Cundió entonces por la ciudad algo parecido al pánico. El corregidor, suponiendo que los ingleses intentasen desembarcar y saquear la ciudad y temiendo la lucha en las calles, ordenó a mujeres y niños, ancianos e impedidos se refugiasen en el viejo castillo. El capitán de la fortaleza, para que una multitud civil no combatiente no dificultase la posible defensa, cerró sus puertas. La estrecha calle que apenas tenía una angosta acera quedó, pues, bloqueada en su extremo final por la cerrada puerta, mientras que su acceso iba llenándose cada vez más de una apretada multitud que huía de algo prácticamente desconocido. El pánico se hizo histérico. Los de atrás presionaban de tal modo que se empujaban los unos a los otros. Antes de que el capitán de la fortaleza advirtiese lo que ocurría y antes también de que se percatasen los ciudadanos que recorrían calles y plazas, habían muerto aplastados unas veinticinco mujeres y niños.

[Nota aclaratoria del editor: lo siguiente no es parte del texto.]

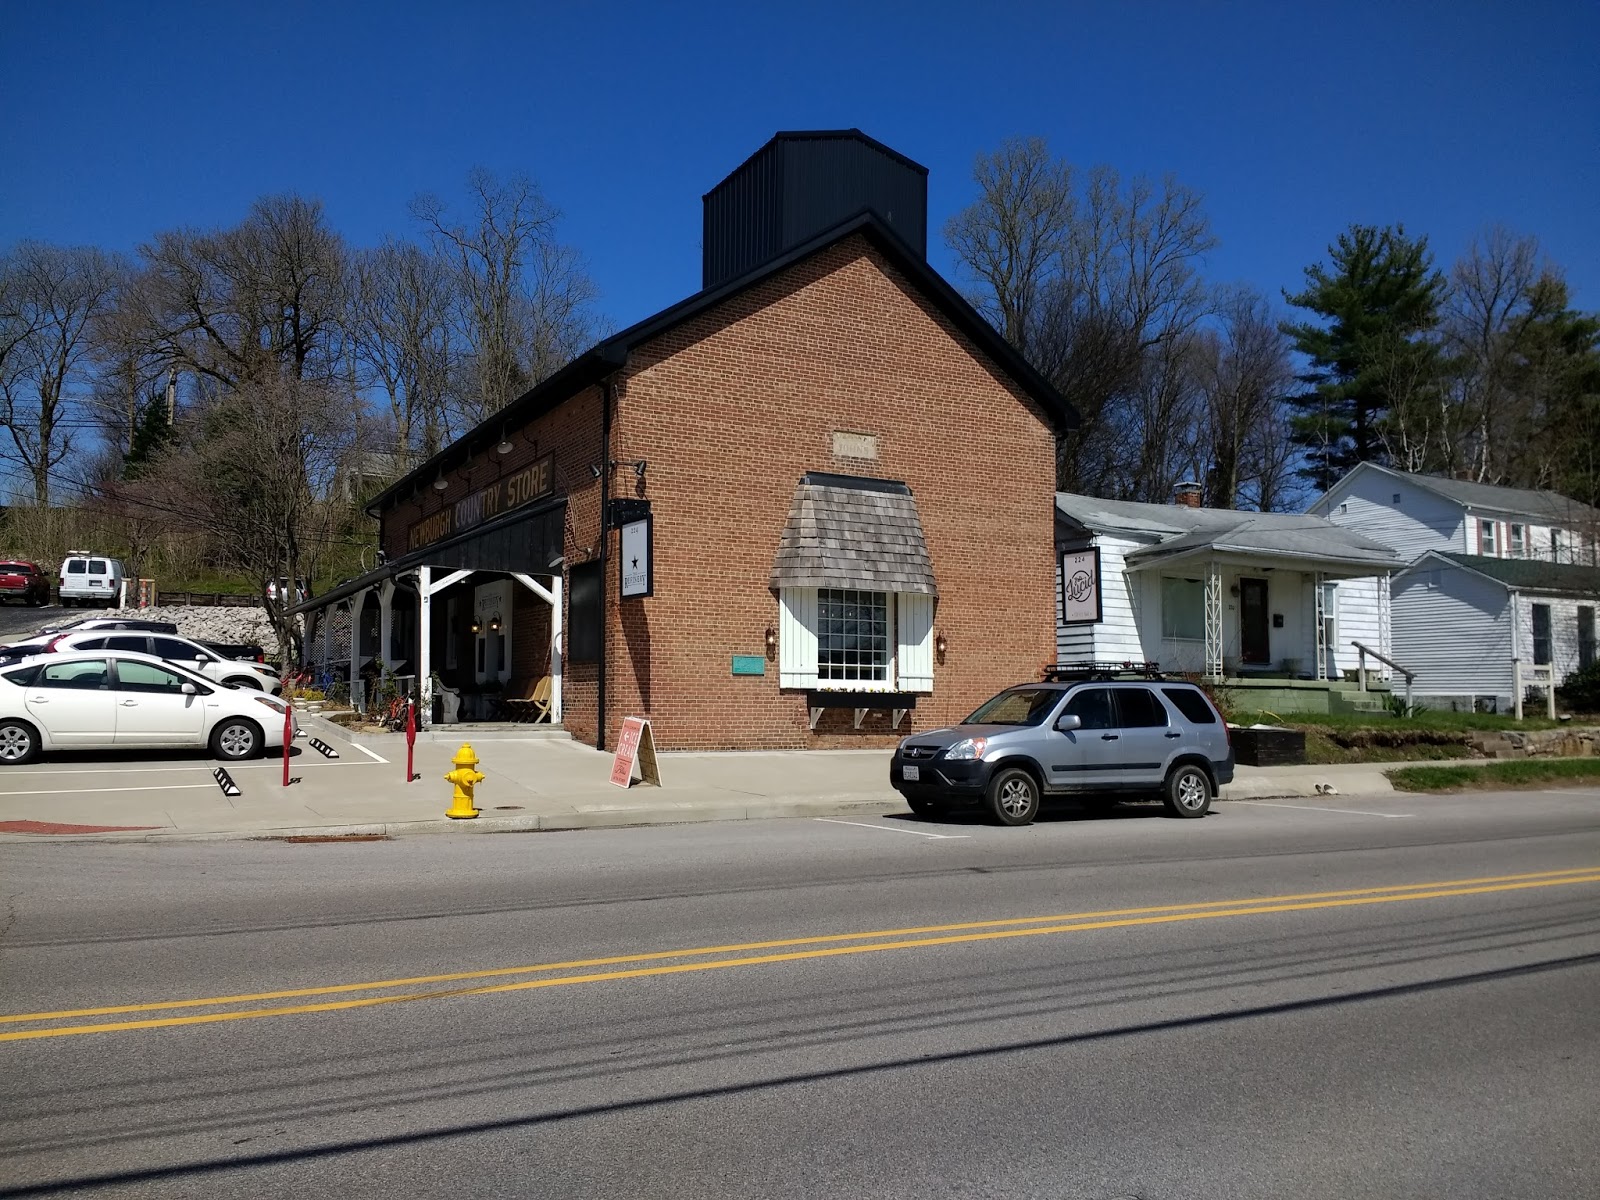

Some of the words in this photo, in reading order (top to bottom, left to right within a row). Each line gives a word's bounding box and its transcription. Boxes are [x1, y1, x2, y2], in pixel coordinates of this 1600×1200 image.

[409, 509, 451, 550] NEWBURGH
[454, 484, 501, 529] COUNTRY
[507, 461, 549, 507] STORE
[1066, 569, 1096, 601] Lucid

Mientras tanto, rápidamente, se iban formando compañías dotadas de cuantas clases de armas era posible obtener, fuerzas que eran enviadas a los lugares más críticos. Un destacamento de caballería que cautelosamente surgió por la puerta sur comenzó a patrullar el Puental, rocosa extensión no amurallada que dividía la parte superior y la inferior de la bahía. El corregidor opinaba que el enemigo escogería posiblemente aquel sector para el desembarco. Envió, pues, su mejor compañía de infantería para apoyar a la caballería y otra para guardar la puerta fortificada. Todo lo cual fue realizado bajo el ensordecedor rugido de los cañones procedente de la bahía.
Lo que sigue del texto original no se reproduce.